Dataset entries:
%%

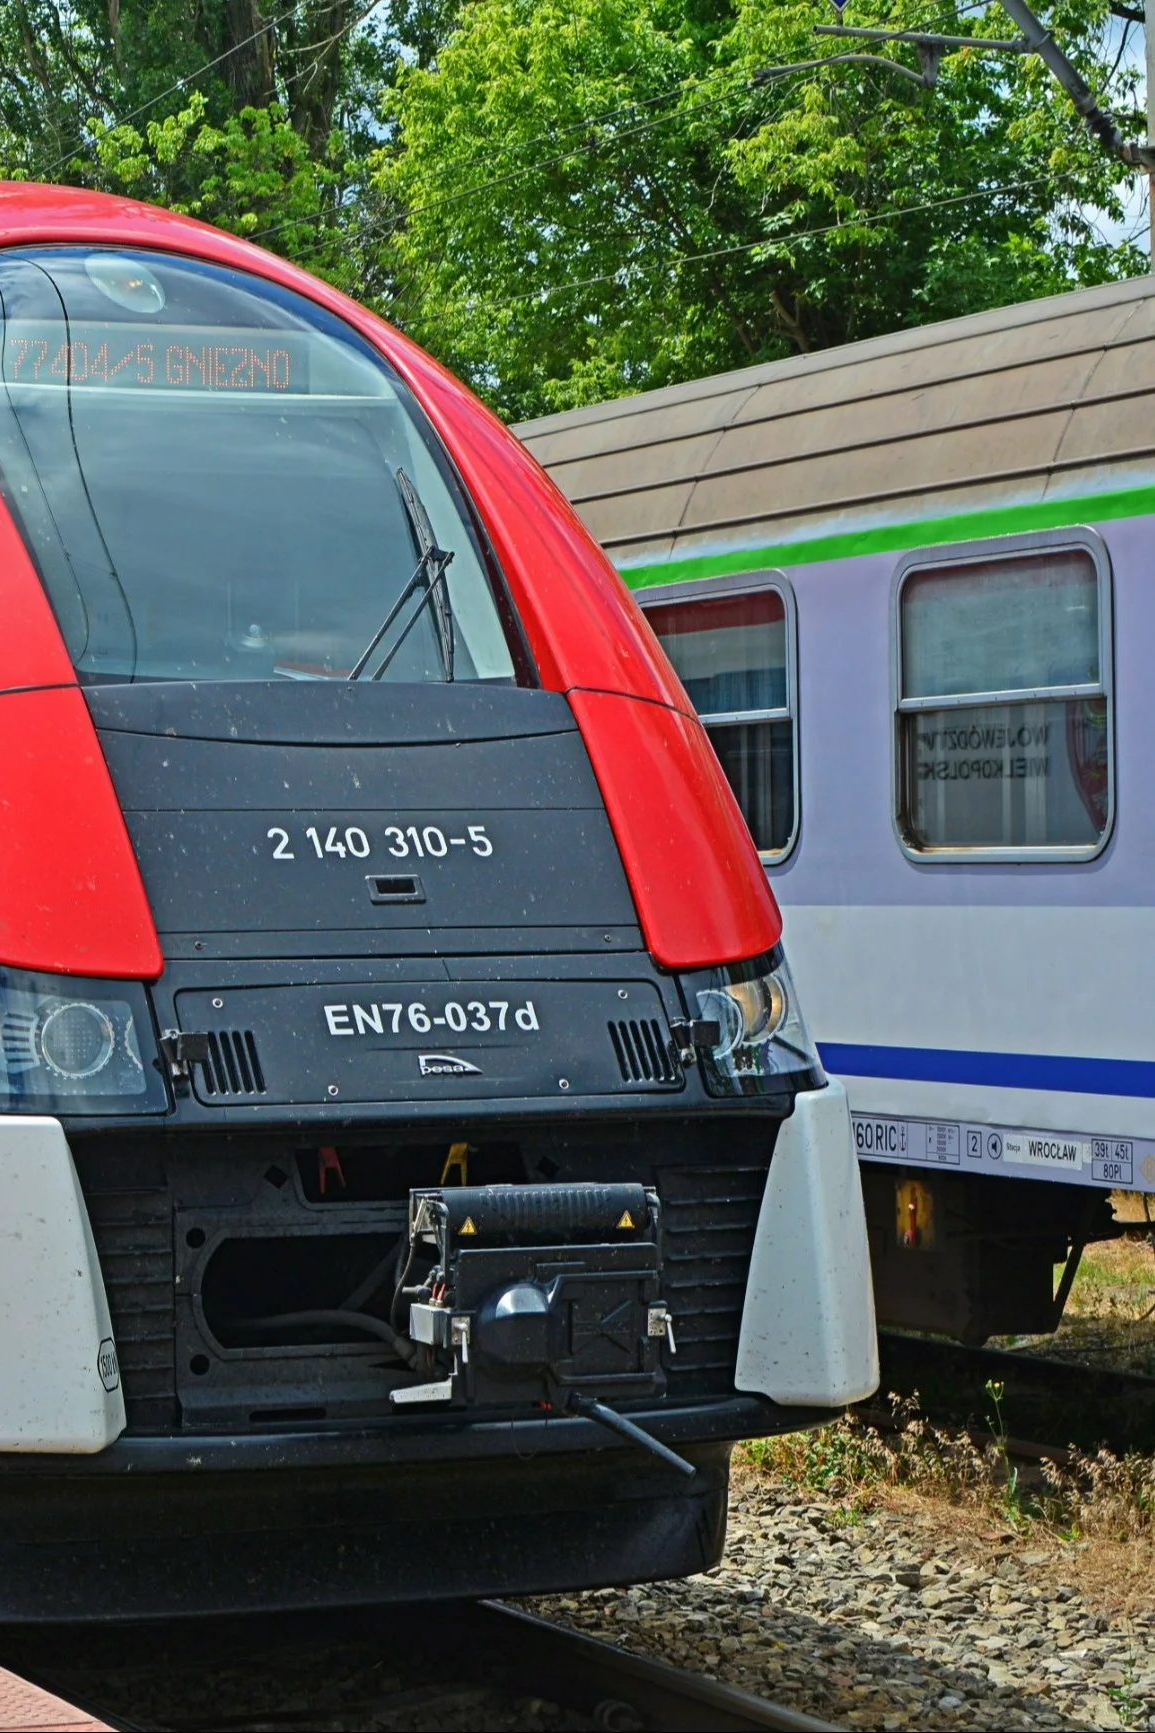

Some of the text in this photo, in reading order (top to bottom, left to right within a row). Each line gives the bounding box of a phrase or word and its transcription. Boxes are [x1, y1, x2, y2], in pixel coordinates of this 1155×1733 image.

[10, 338, 155, 385] 77404/5
[164, 344, 292, 390] GNIEZNO
[266, 825, 494, 861] 2 140 310-5
[323, 1001, 541, 1036] EN76-037d
[875, 1124, 897, 1152] RIC
[971, 1136, 978, 1153] 2
[1028, 1140, 1077, 1162] WROCŁAW
[1094, 1142, 1110, 1159] 39t
[1114, 1144, 1130, 1161] 45t

%%

▶ What needs to be done
Your task is to set down the records shown above exactly, minus any pictures.

▶ Answer to this problem
Some of the text in this photo, in reading order (top to bottom, left to right within a row). Each line gives the bounding box of a phrase or word and its transcription. Boxes are [x1, y1, x2, y2], in pixel coordinates of this 1155×1733 image.

[10, 338, 155, 385] 77404/5
[164, 344, 292, 390] GNIEZNO
[266, 825, 494, 861] 2 140 310-5
[323, 1001, 541, 1036] EN76-037d
[875, 1124, 897, 1152] RIC
[971, 1136, 978, 1153] 2
[1028, 1140, 1077, 1162] WROCŁAW
[1094, 1142, 1110, 1159] 39t
[1114, 1144, 1130, 1161] 45t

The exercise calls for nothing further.